OH YEAAH!  OOOOHHH YEEAAAAHH!!! (c) tommy gun

OH YEAAH! OOOOHHH YEEAAAAHH!!! (c) tommy gun

pretty neat lookin automatic machine gun that did as much damage as the mafioso’s tommy gun, but omg.  the tommy gun is far more dramatic.  like, if the yakuza’s gun was an actual person, it wld be a ninja.  the wounds it leaves are small and relatively bloodless, but definitely deadly.  it wld creep into your home, serve you some poisoned pufferfish or somethin, then creep out of the room and boom.  you dead in a few seconds.  the tommy gun tho?  if the tommy gun was an actual person, it would first walk into your living room and set up a small makeshift stage.  it would then gather your family around the stage and sing a delightful song about how he’s about to kill the shit out of you and everything you love.  then, he’d walk around to each individual, tell them they look fat in their jeans, stuff a grenade in their mouths, and bogle on the front lawn screaming ‘OH YEAH!  OOOOHHH YEAAAAAHHH!!!’ as they all go off.  the difference was ASTOUNDING.  the tommy gun left blood everywhere.  everywhere.  when you walk in and find a bunch of ppl slumped over and little tears in their clothes, you may leave with the impression that if they had just moved to the left or to the right, they cld have survived the wounds because come on, they’re not that bad.  tommy gun?  turns the whole floor red and says plainly:  you are going to die so hard that even your ghost is gonna die with you. no contest.  tommy gun all the way.
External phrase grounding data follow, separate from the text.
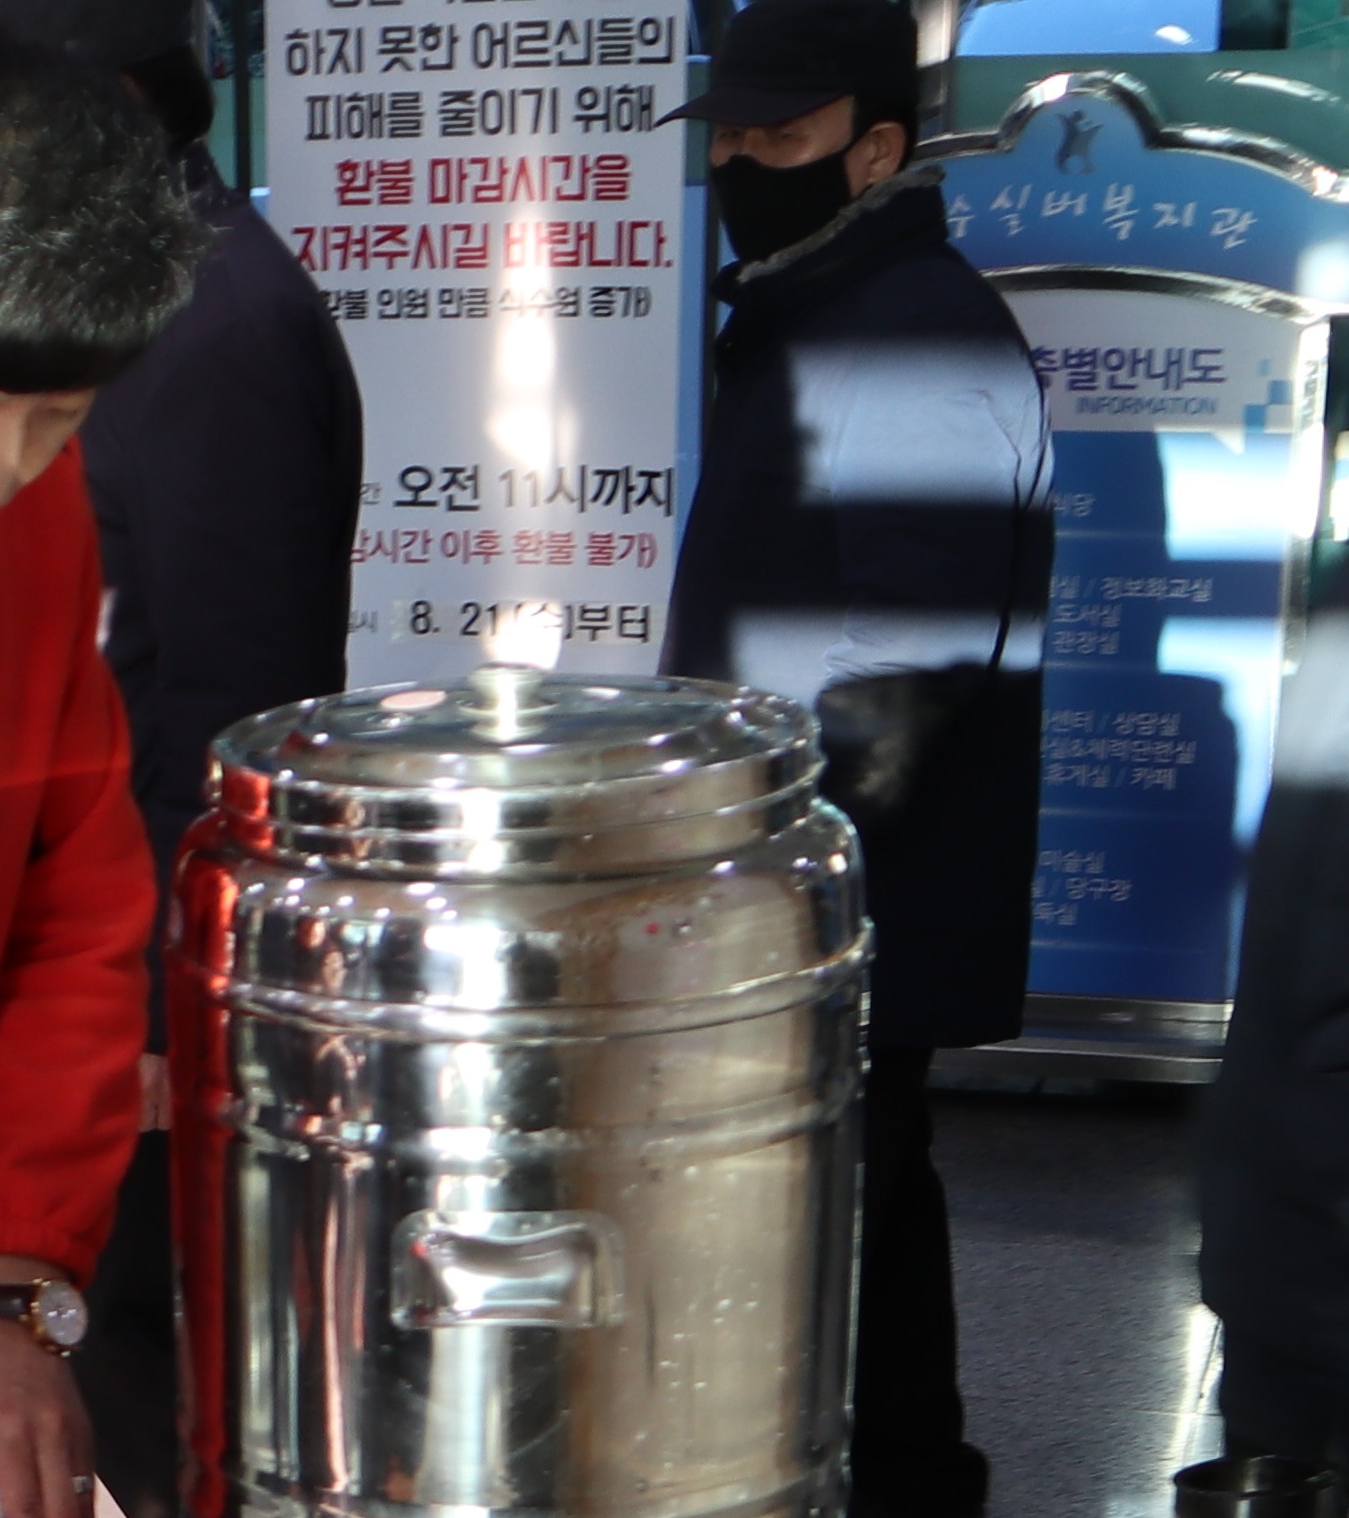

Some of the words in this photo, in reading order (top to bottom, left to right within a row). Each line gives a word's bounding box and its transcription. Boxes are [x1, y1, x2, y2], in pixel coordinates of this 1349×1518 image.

[284, 26, 363, 76] 하지
[377, 22, 459, 72] 못한
[472, 16, 676, 69] 어르신들의
[304, 90, 425, 141] 피해를
[438, 88, 559, 137] 줄이기
[572, 84, 656, 134] 위해
[333, 158, 414, 207] 환불
[428, 154, 633, 204] 마감시간을
[291, 222, 490, 272] 지켜주시길
[503, 219, 674, 269] 바랍니다.
[377, 288, 430, 320] 인원
[438, 286, 490, 319] 만큼
[393, 464, 481, 512] 오전
[498, 464, 675, 518] 11시까지
[440, 528, 503, 565] 이후
[512, 530, 577, 566] 환불
[409, 600, 441, 635] 8.
in addition to being an awesome gun show, we are also shown how the mafia took everyday weapons and turned them into deathstruments, like the ice pick and baseball bat.  baseball bat makes plain sense but omg.  ive decided that i need an icepick now.  id be fucking invincible if i had an icepick.  i think its the smooth way they used it in the show, just walked up to somebody, put an arm around them, smiled, and slid that bitch smooth & clean into the nape of their neck.  WHAT!? instant, gangster ass death.  the yakuza had a buncha marital arts stuff that i personally found scary, like nunchauks and those little pitchfork lookin things.

but somehow someway, all that just wasnt as cool as the simple methods and instruments of the mafia.  yakuza is far flashier and wld make for an awesome movie.  the mafia just wants u dead.  baseball bat to the head.  icepick to any of your important vital organs.  tommy gun to your everything.  story’s over.  mafia wins!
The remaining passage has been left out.